There was cholera at St. Louis that summer, and I remember how a steamer landed a large party of Norwegian immigrants, nearly all down with cholera. Mr. Willard and myself happened to be in Red Wing at the time, and the American families, considering these Norwegian cholera patients our countrymen, hastily turned them over to our care. We nursed them as best we could, but many died in spite of all our efforts, and as we closed their eyes, and laid them in the silent grave under the bluffs, it never occurred to us that they were anything but our countrymen and brothers.

From these small beginnings of the Swedish and Norwegian settlers in Goodhue county, in the years of 1853 and 1854, have sprung results which are not only grand but glorious to contemplate. Looking back to those days I see the little cabin, often with a sod roof, single room used for domestic purposes, sometimes crowded almost to suffocation by hospitable entertainments to new-comers; or the poor immigrant on the levee at Red Wing, just landed from a steamer, in his short jacket and other outlandish costume, perhaps seated on a wooden box, with his wife and a large group of children around him, and wondering how he shall be able to raise enough means to get himself ten or twenty miles into the country, or to redeem the bedding and other household goods which he has perchance left in Milwaukee as a pledge for his railroad and steam-boat ticket. And I see him trudging along over the trackless prairie, searching for a piece of land containing if possible prairie, water and a little timber, on which to build a home. Poor, bewildered, ignorant, and odd looking, he had been an object of pity and derision all the way from Gothenburg or Christiania to the little cabin of some country-man of his, where he found rest and shelter until he could build one of his own.

OUR FIRST HOME.

Those who have not experienced frontier life, will naturally wonder how it was possible for people so poor as a majority of the old settlers were, to procure the necessaries of life, but they should remember that our necessities were few, and our luxuries a great deal less. The bountiful earth soon yielded bread and vegetables; the woods and streams supplied game and fish; and as to shoes and clothing, I and many others have used shoes made of untanned skins, and even of gunny-sacks and old rags. Furthermore, the small merchants at the river or other points, were always willing to supply the Scandinavian emigrants with necessary goods on credit, until better times should come. Our people in this country did certainly earn a name for integrity and honesty among their American neighbors, which has been a greater help to them than money.

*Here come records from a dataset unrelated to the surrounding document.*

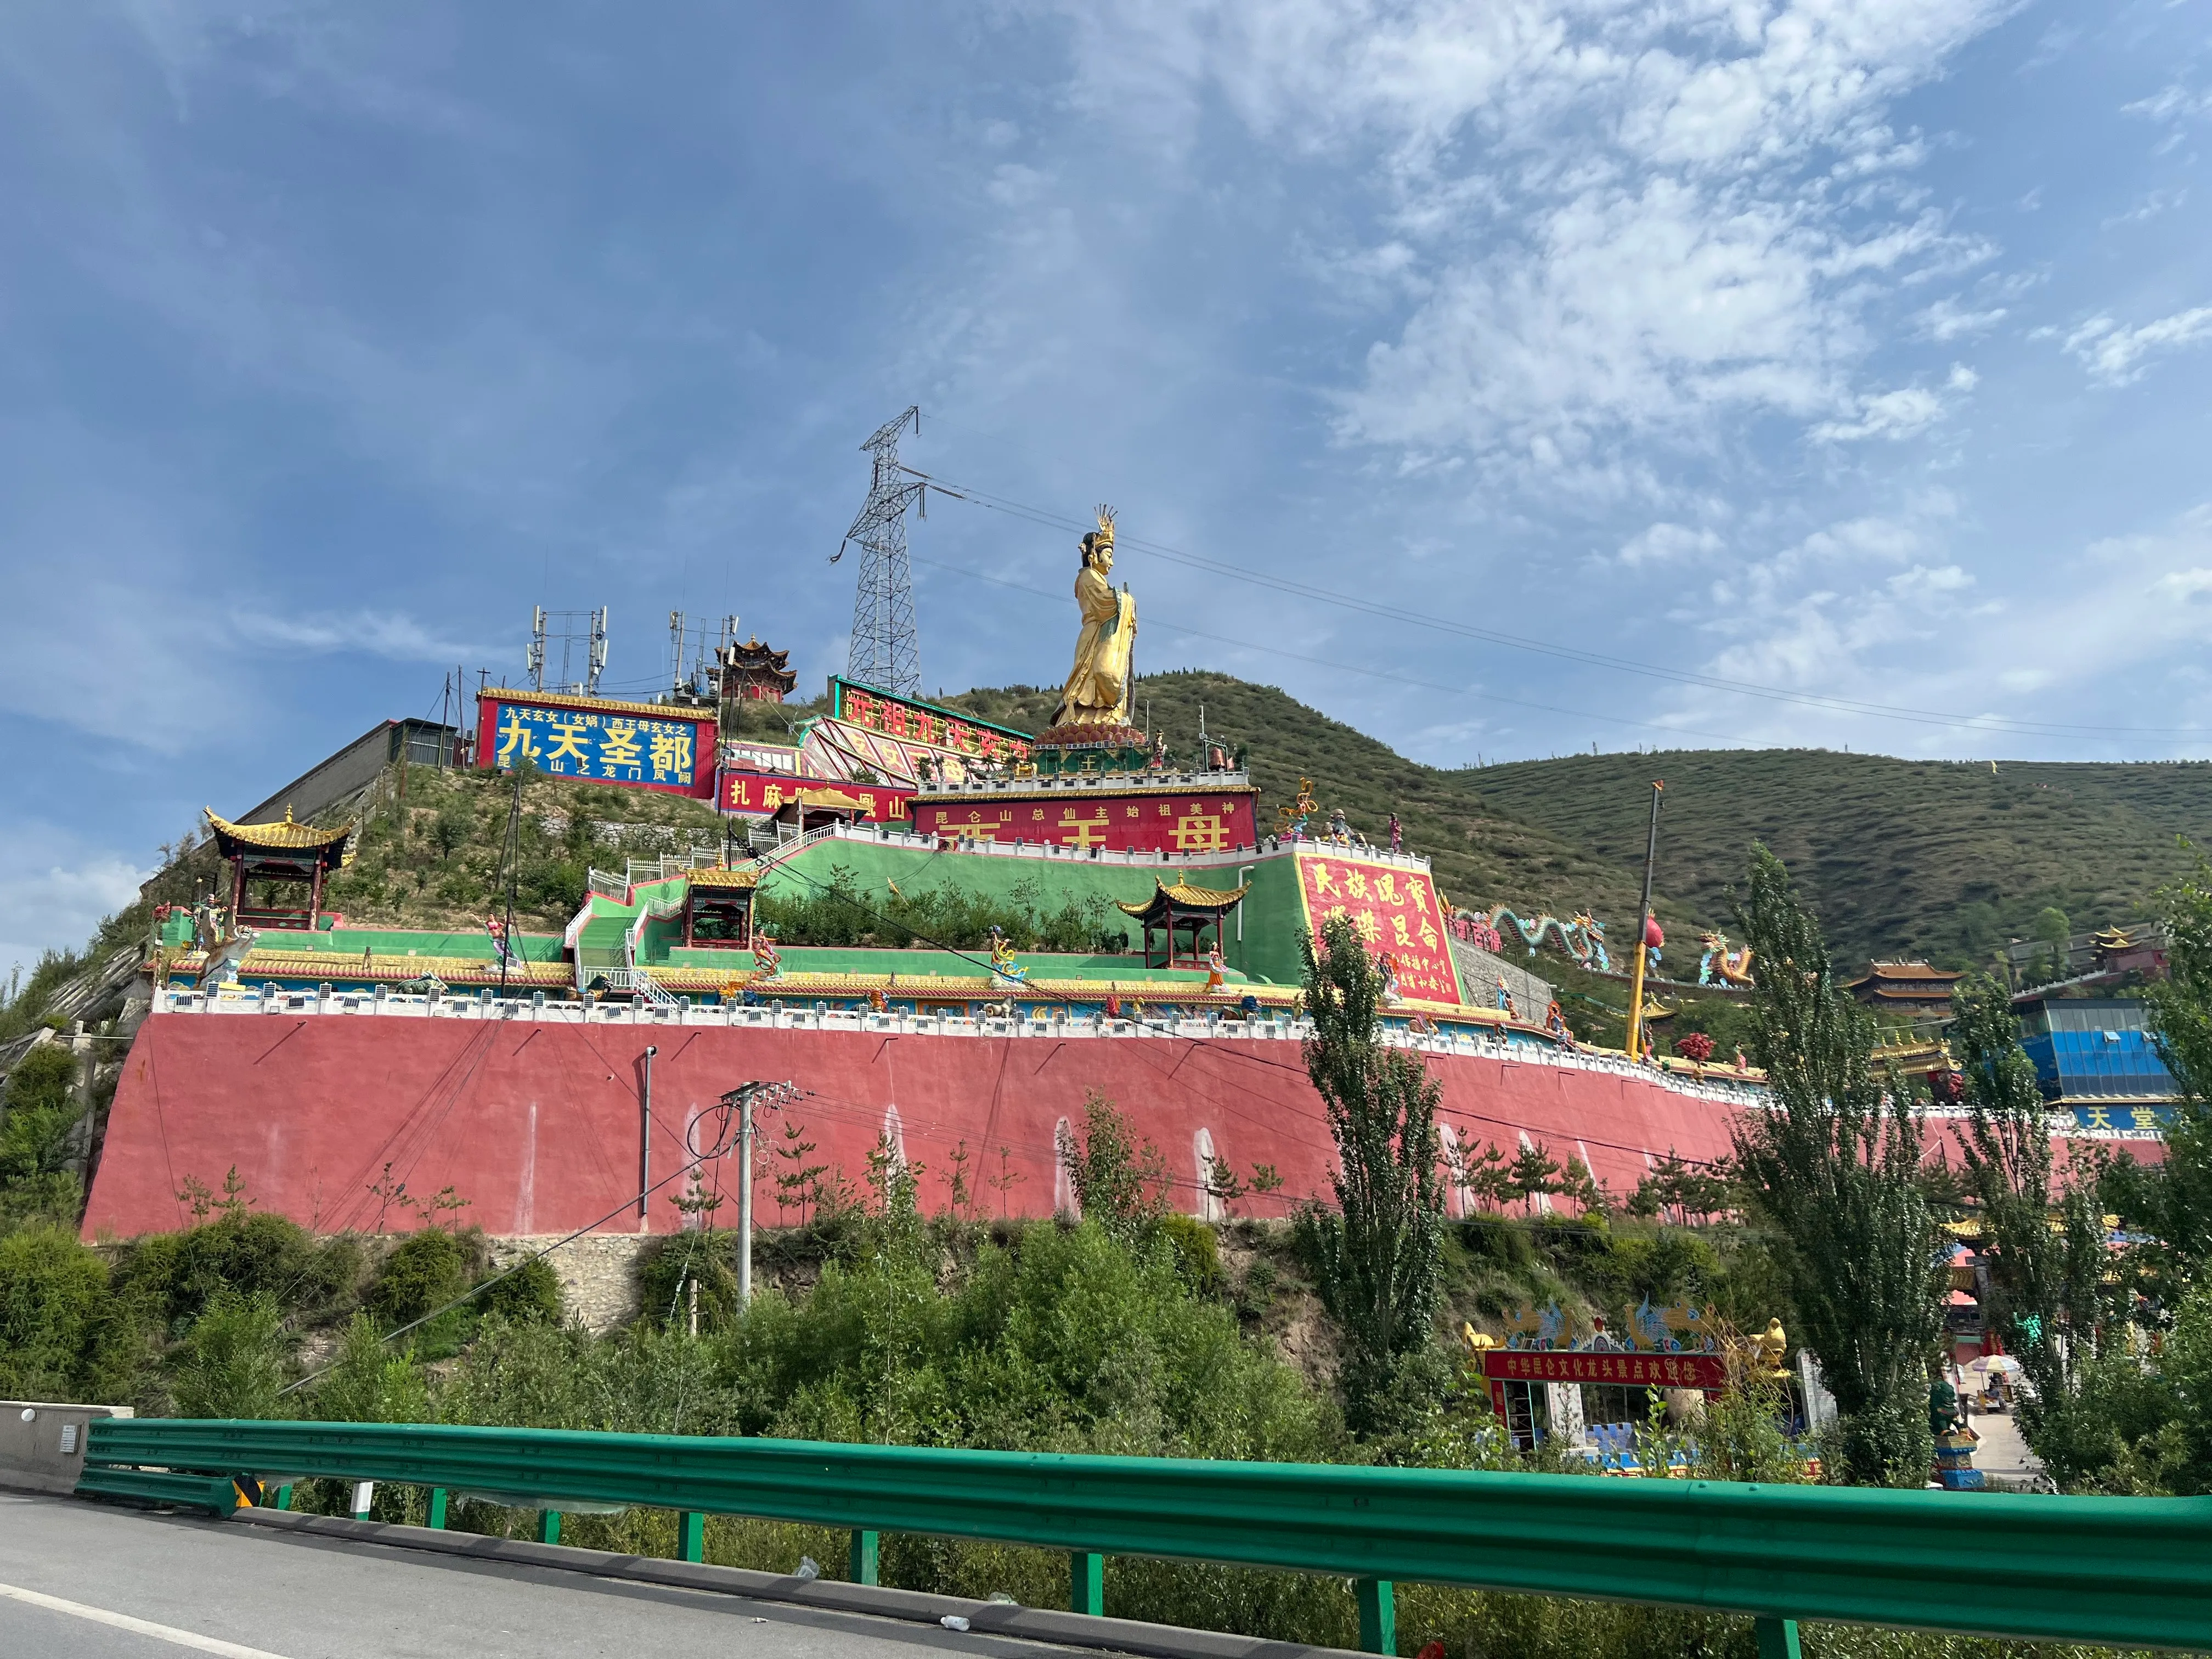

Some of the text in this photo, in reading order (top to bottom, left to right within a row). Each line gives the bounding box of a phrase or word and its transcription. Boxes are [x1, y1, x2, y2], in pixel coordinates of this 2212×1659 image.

[496, 719, 691, 774] 九天圣都
[496, 754, 691, 785] 昆山之龙门凤阙
[731, 780, 905, 820] 扎麻凰山
[935, 801, 1234, 824] 昆仑山总仙主始祖美神
[2087, 1105, 2158, 1130] 天堂

Some of the men would go off in search of work, and in due time return with means enough to help the balance of the family.

Frontier settlers are always accommodating and generous. If one had more than he needed, he would invariably share the surplus with his neighbors. The neighbors would all turn in to help a new-comer,—haul his logs, build his house, and do other little services, for him.

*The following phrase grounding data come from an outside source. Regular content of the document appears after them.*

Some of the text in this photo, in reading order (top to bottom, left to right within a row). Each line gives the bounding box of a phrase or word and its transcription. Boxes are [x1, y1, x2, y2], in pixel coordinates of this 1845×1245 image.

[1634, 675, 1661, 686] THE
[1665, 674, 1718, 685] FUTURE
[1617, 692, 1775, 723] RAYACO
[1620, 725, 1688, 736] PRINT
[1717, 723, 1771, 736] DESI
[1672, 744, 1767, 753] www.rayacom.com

The isolated condition and mutual aims and aspirations of the settlers brought them nearer together than in older communities. On Sunday afternoons all would meet at some centrally located place, and spend the day together. A cup of coffee with a couple of slices of bread and butter, would furnish a royal entertainment, and when we got so far along that we could afford some pie or cake for dessert, the good house-wives were in a perfect ecstacy. The joys and sorrows of one, were shared by the others, and nowhere in the wide world, except in a military camp, have I witnessed so much genuine cordial friendship and brotherhood as among the frontier settlers in the West.

One fine Sunday morning that summer, all the settlers met under two oak trees on the prairie, near where the present church stands, for the first religious service in the settlement. It had been agreed that some of the men should take turns to read one of Luther’s sermons at each of these gatherings, and I was selected as reader the first day. Some prayers were said and Swedish hymns sung, and seldom did a temple contain more devout worshipers than did that little congregation on the prairie.

Before the winter of 1854-55 set in, we had quite a large community in Vasa, and had raised considerable grain, potatoes and other provisions. During that winter the Sioux Indians again became our neighbors, and frequently supplied us with venison in exchange for bread and coffee. The following spring and summer the settlers increased still faster, several more oxen and other cattle, with a horse or two, were brought in, and I had no longer the exclusive privilege of hauling goods on the little truck wagon.